Auch der Vater hatte sich das oft gefragt. Seine verstorbene Frau war keine Schönheit gewesen. Er hatte sich in sie verliebt wegen ihres guten Herzens und ihres unbekümmerten Humors. Rosalies Augen fanden keine Erinnerung in dem Gedächtnis des vorzeitig alt gewordenen Mannes. Weder seine Mutter, noch seine Schwiegermutter hatten diese auffallenden, leuchtend blauen,ein wenig schräg stehenden Augen über den leicht hervorstehenden Wangenknochen gehabt.

Und das Lachen! Was hatte Rosalie für ein köstliches Lachen! Man hörte es nur selten, Rosalie war ein aufmerksamer, ernster Mensch geworden. Aber wenn man es hörte, begann auch in den düstersten Stuben die Sonne zu leuchten.

Sanft und voll, wärmend war dieses Lachen. Es war, als sei dieses Lachen älter als Rosalie.

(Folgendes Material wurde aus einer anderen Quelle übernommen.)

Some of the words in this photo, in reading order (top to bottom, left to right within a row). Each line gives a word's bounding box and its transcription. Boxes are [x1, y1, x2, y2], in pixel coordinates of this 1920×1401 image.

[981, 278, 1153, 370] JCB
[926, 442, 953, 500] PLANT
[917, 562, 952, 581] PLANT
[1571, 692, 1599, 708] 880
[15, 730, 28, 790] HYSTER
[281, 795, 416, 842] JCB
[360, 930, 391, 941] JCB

Selten hatte der  Vater seine Tochter gelobt, nie hatte er auch nur einen Funken Kritik an ihr geübt. Er ahnte, welch ein Schatz, welche Kostbarkeit sie war.

 

Es war Ferdinand, in den sie sich verliebt hatte.

Ferdinand war mittlerweile 27 Jahre alt. Es mochte so um die 10 Jahre her sein, dass er in das Dorf gekommen war – woher, hatte er niemals gesagt.

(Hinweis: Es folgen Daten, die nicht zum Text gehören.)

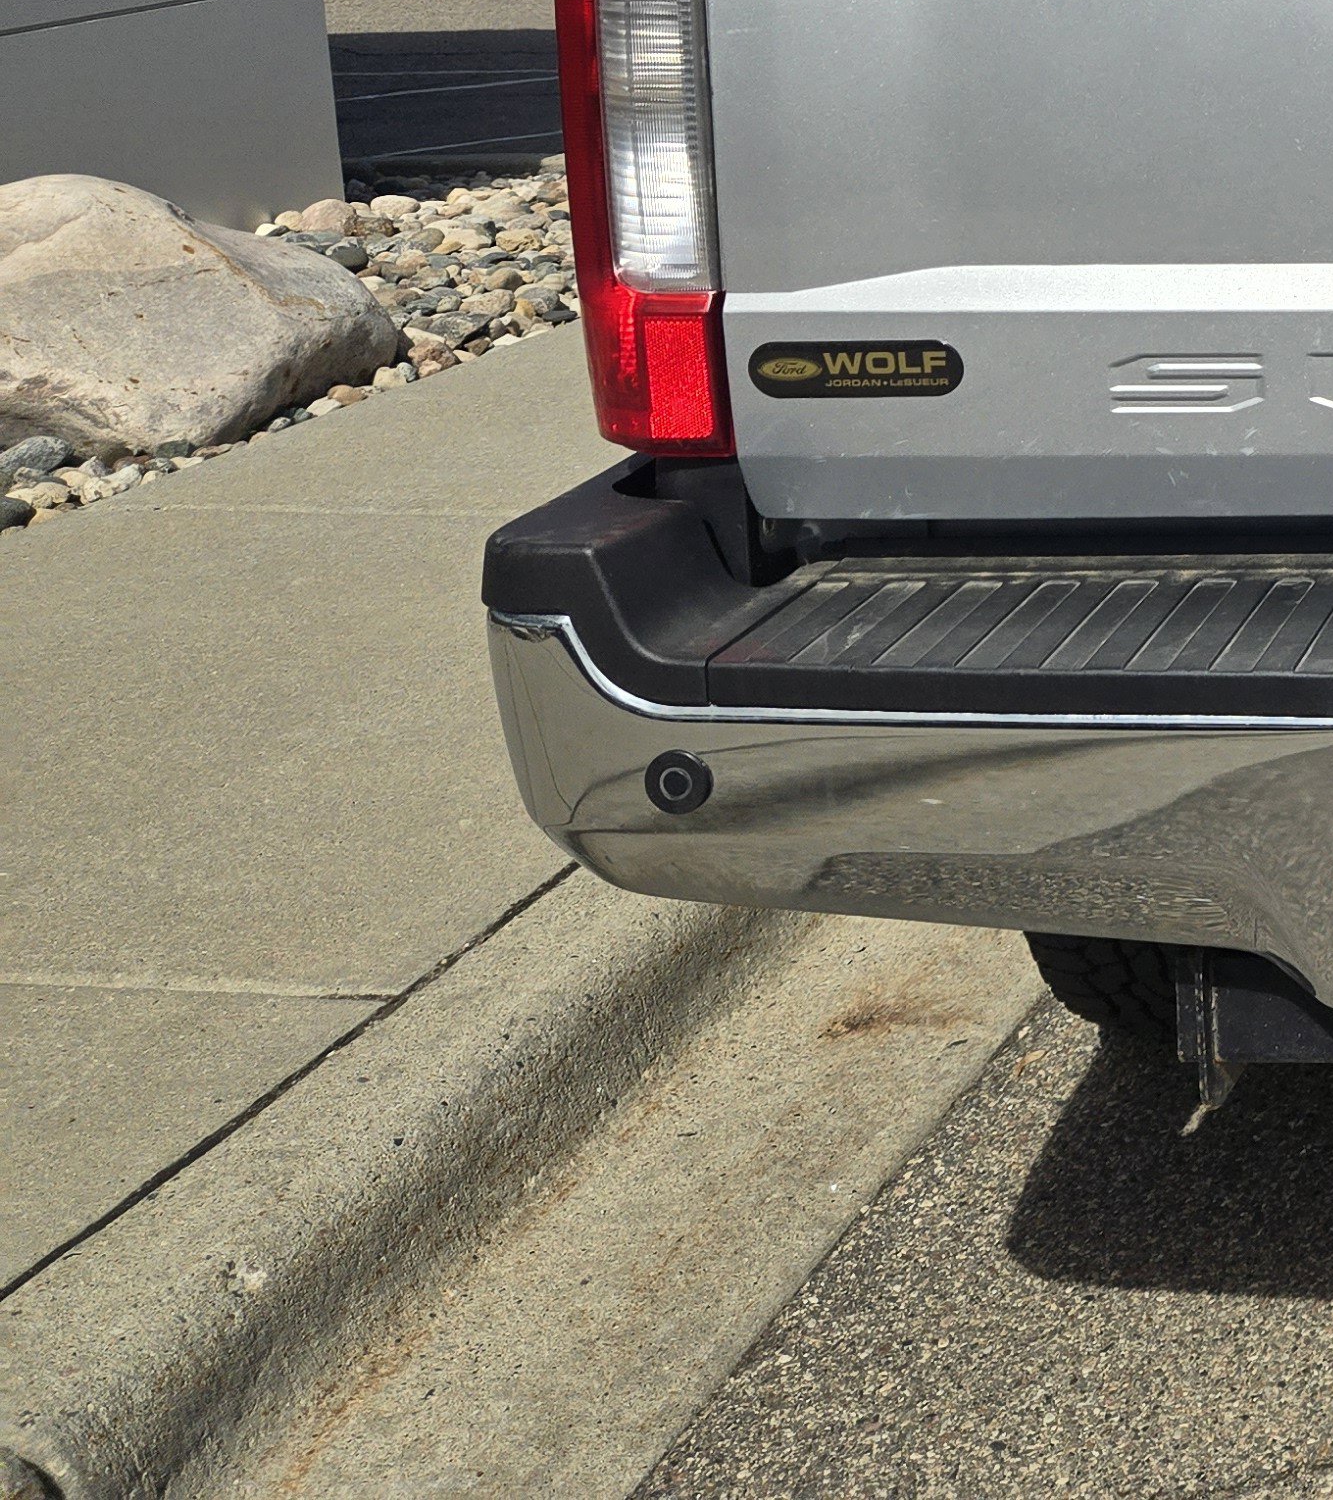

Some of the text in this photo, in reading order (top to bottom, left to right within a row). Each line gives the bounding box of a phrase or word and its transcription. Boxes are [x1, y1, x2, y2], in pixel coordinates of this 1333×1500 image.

[772, 361, 807, 375] Ford
[823, 351, 946, 374] WOLF
[825, 379, 881, 387] JORDAN

Niemand kannte seine Eltern, niemand wusste irgendetwas von ihm. Und er beliess es dabei. Er war vom Gärtner aufgenommen und wie ein Sohn behandelt worden. Niemals forschte der Gärtner das Herz des ihm liebgewordenen Lehrlings aus. Er brachte ihm alles bei, was er wusste – und gab ihm auch Geheimnisse weiter, die er von seiner Mutter noch übernommen hatte. Niemals war seiner Mutter auch nur eine einzige Pflanze zugrunde gegangen. Welche Blume auch immer in ihrer Obhut war, gedieh besser als jeder erwarten konnte. Die Rosen trugen grössere Blüten als an den Sträuchern in anderen Gärten, die Schachbrettblumen blühten beinahe über 10 Jahre hindurch jedes Jahr immer wieder, es gab Kräuter in ihrem Garten, deren Namen nicht einmal irgendjemand wusste – und sie verstand die feinsten Gerichte mit ihnen zu bereiten und seltsamsten Heiltränke und -öle.

Er selber hatte die Gabe nicht geerbt, aber er erkannte sie in Ferdinand wieder und weihte ihn ein, so gut er es vermochte.

Ferdinand war kein schöner Mensch im üblichen-Sinne. Seine Gesichtszüge waren

unregelmässig, ein Bein ein wenig kürzer als das andere. Aber er strahlte einen Frieden aus, der ihn überaus anziehend machte. Und seine leuchtenden Augen schienen ein ständiges „Wie schön ist doch diese Erde“ zu signalisieren.

Überall war er gerne gesehen. Man fühlte sich einfach wohl in seiner Anwesenheit.

Ferdinand und Rosalie taten einander gut. Unter seinen fürsorglichen Augen entspannte sich Rosalie von Jahr zu Jahr mehr. Und ihr aufgeweckter Geist machte sie zu einem anregenden Gesprächspartner für den belesenen jungen Mann. Dadurch,dass Rosalie niemals die Zeit gehabt hatte, etwas zu lernen, hatte sie das Leben aus einem für ihn ungewöhnlichen Blickwinkel zu betrachten gelernt. Und immer, wenn er über etwas, was er gelesen oder sich sonst so dachte, mit ihr sprach, hatte sie Gedanken und/oder Antworten dazu bereit, die ihn stets überraschten und alles noch einmal von vorne überdenken liess.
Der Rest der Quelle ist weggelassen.